Small shares book recommendations and related commentary through a website called BookDNA. The platform includes reflections on her experiences, as well as selected books and explanations of their relevance to topics such as exploration and the historical impact of maps. In addition to her academic work, the website reflects her continued engagement in public education and research-related activities.

==Books==
- 1984 - Female Primates: Studies by Women Primatologists (edited by Meredith F. Small). A. R. Liss: New York
- 1993 - Female Choices; Sexual Behavior of Female Primates. Cornell University Press: Ithaca, NY.
- 1995 - What's Love Got to do with it? The Evolution of Human Mating. Anchor Books (Doubleday)
- 1998 - Our Babies, Ourselves; How Biology and Culture Shape the Way we Parent. Anchor Books (Doubleday).
- 2001 - Kids: How Biology and Culture Shape the Way We Raise Our Children. Doubleday.
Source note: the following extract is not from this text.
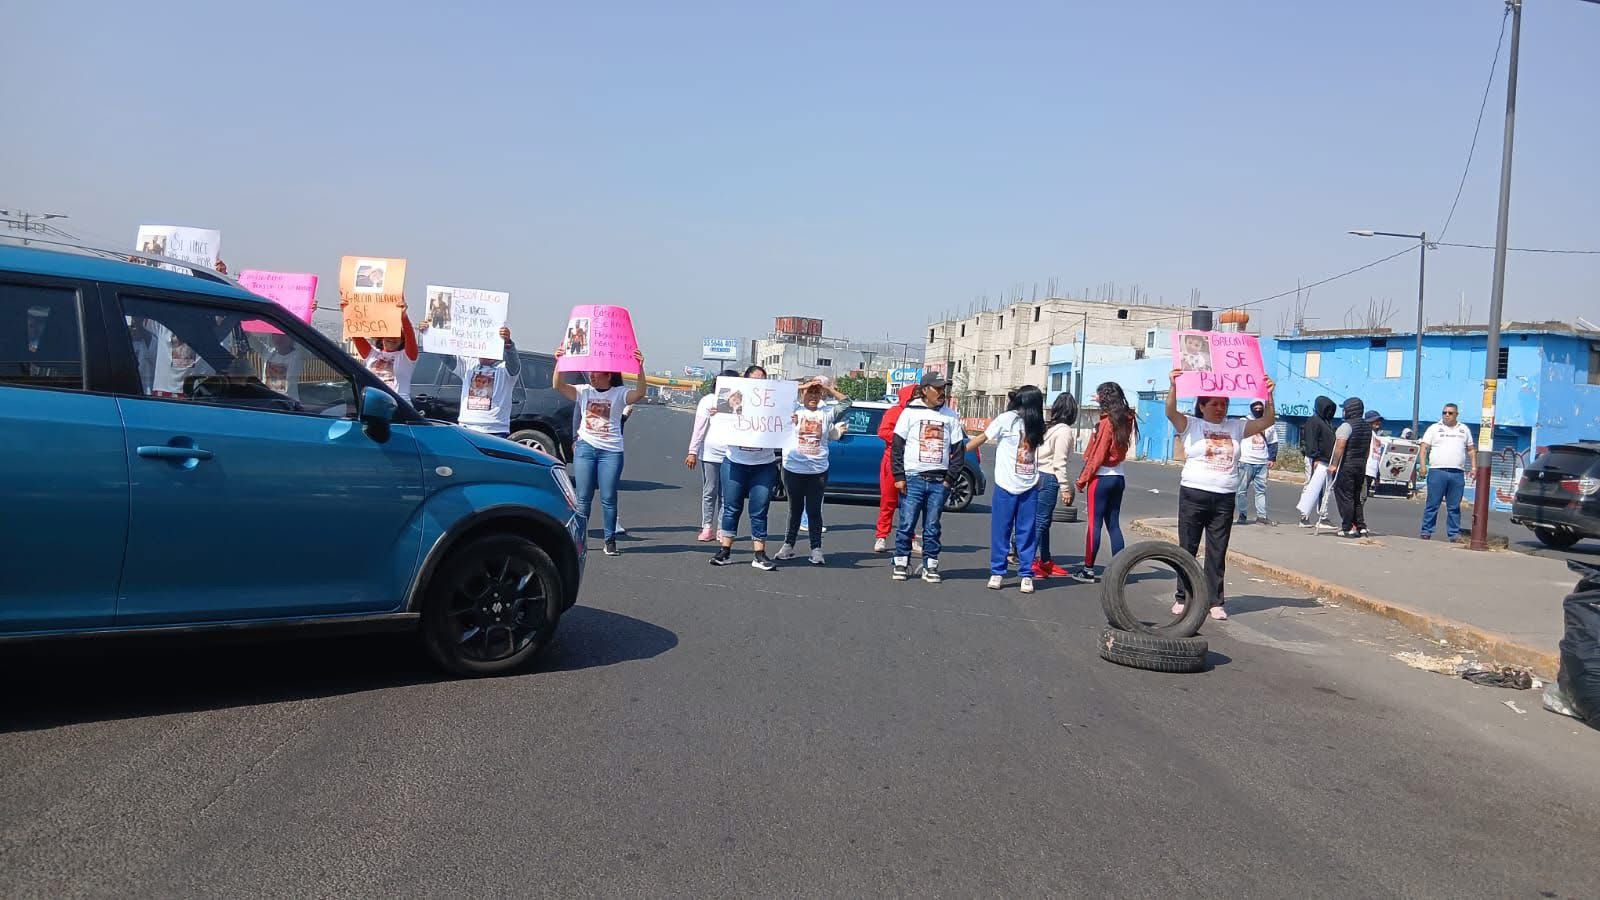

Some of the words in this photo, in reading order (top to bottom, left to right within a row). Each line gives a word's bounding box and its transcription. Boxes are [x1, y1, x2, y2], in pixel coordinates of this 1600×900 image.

- 2006 - The Culture of Our Discontent; Beyond the Medical Model of Mental Illness. Joseph Henry Press: Washington, DC.
- 2014 - Fall Creek. Lavori a Mano Press: Ithaca, NY
- 2020 - Inventing the World: Venice and the Transformation of Western Civilization. (Simon and Schuster)
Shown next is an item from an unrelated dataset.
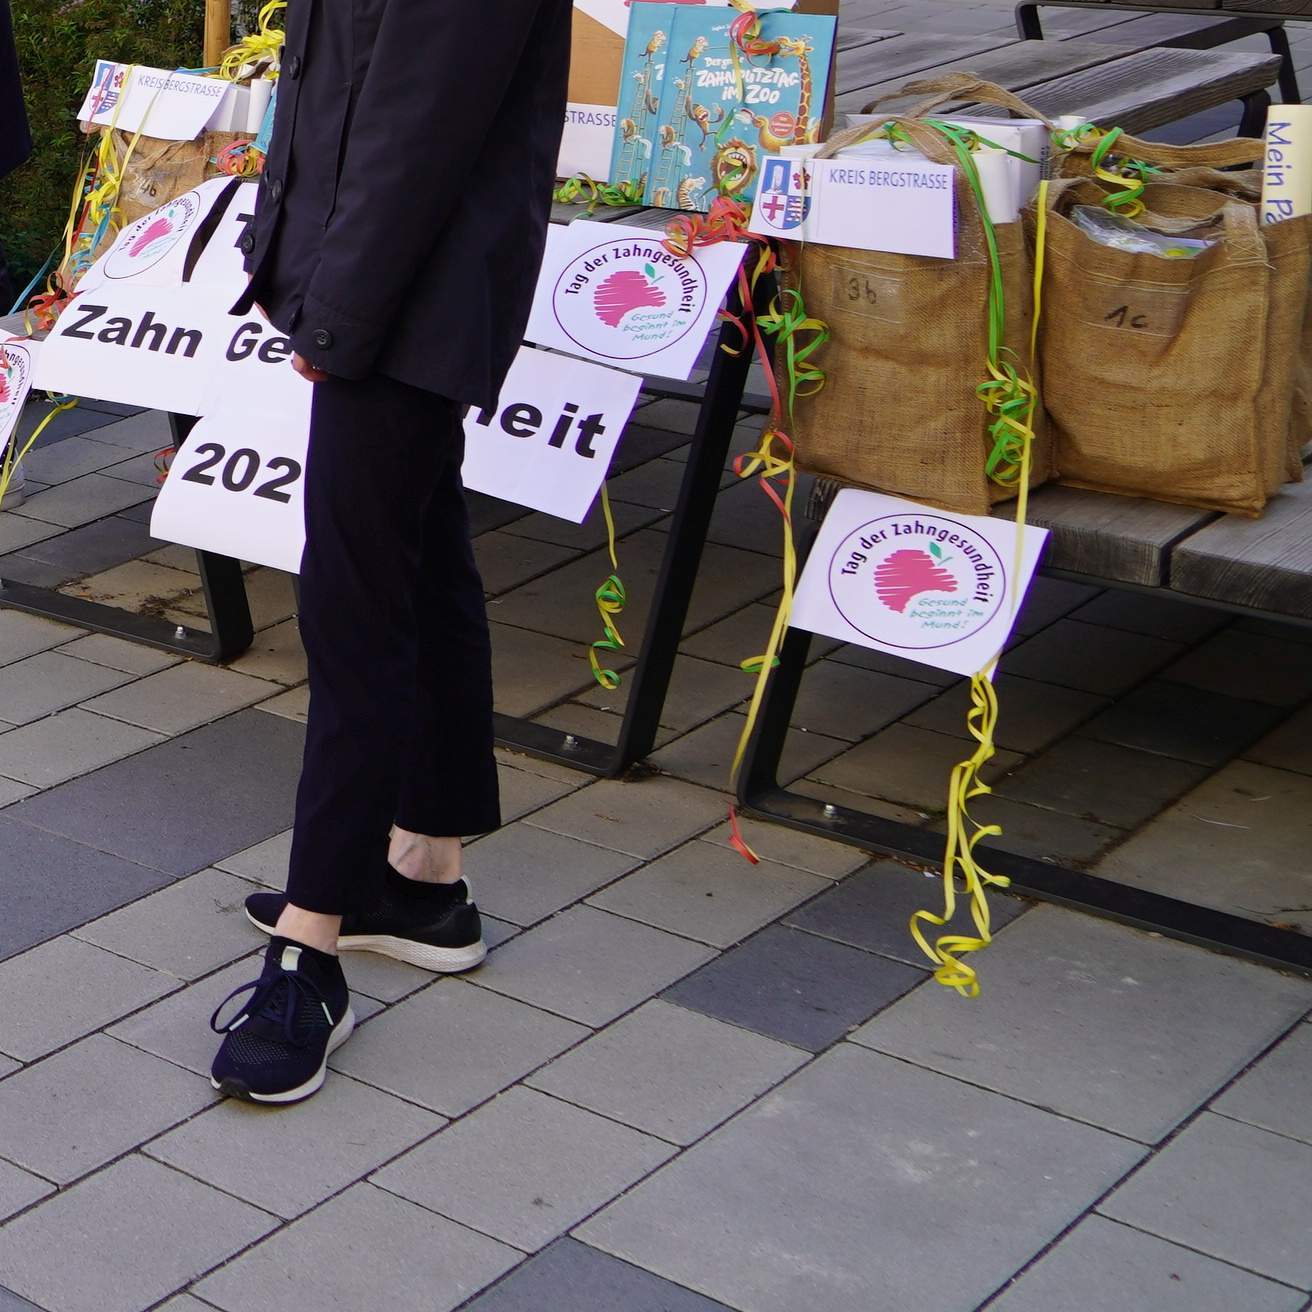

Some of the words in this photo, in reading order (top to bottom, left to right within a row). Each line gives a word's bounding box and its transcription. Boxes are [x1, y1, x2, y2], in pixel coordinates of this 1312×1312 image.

- 2023 - Here Begins the Dark Sea: Venice, a Medieval Monk, and the Creation of the Most Accurate Map of the World. (Simon and Schuster)

== Selected articles ==
=== Popular science articles ===
A selected list of articles:
- 2003 How Many Fathers Are Best for a Child? Discover 24(4): 54-61
- 2002 Mother's Little Helpers. New Scientist 176(2372): 44-49
- 2002 So Near and Yet So Far. Natural History 111(5): 76-78
- 2002 String Theory. Natural History 111(3): 14-16
- 2002 The Happy Fat. New Scientist 175(2357): 34-39
- 2002 What You Can Learn From Drunk Monkeys. Discover 23(7): 104-106
- 2001 Do Animals Have Culture?. Scientific American 284(4):104-106

=== Live Science articles ===
Since 2007, Small has published 101 Articles with Live Science, mostly recent in 2022. She remains active in the community, and even post-retirement from Cornell University, she continues to communicate anthropological knowledge to the public in various forms.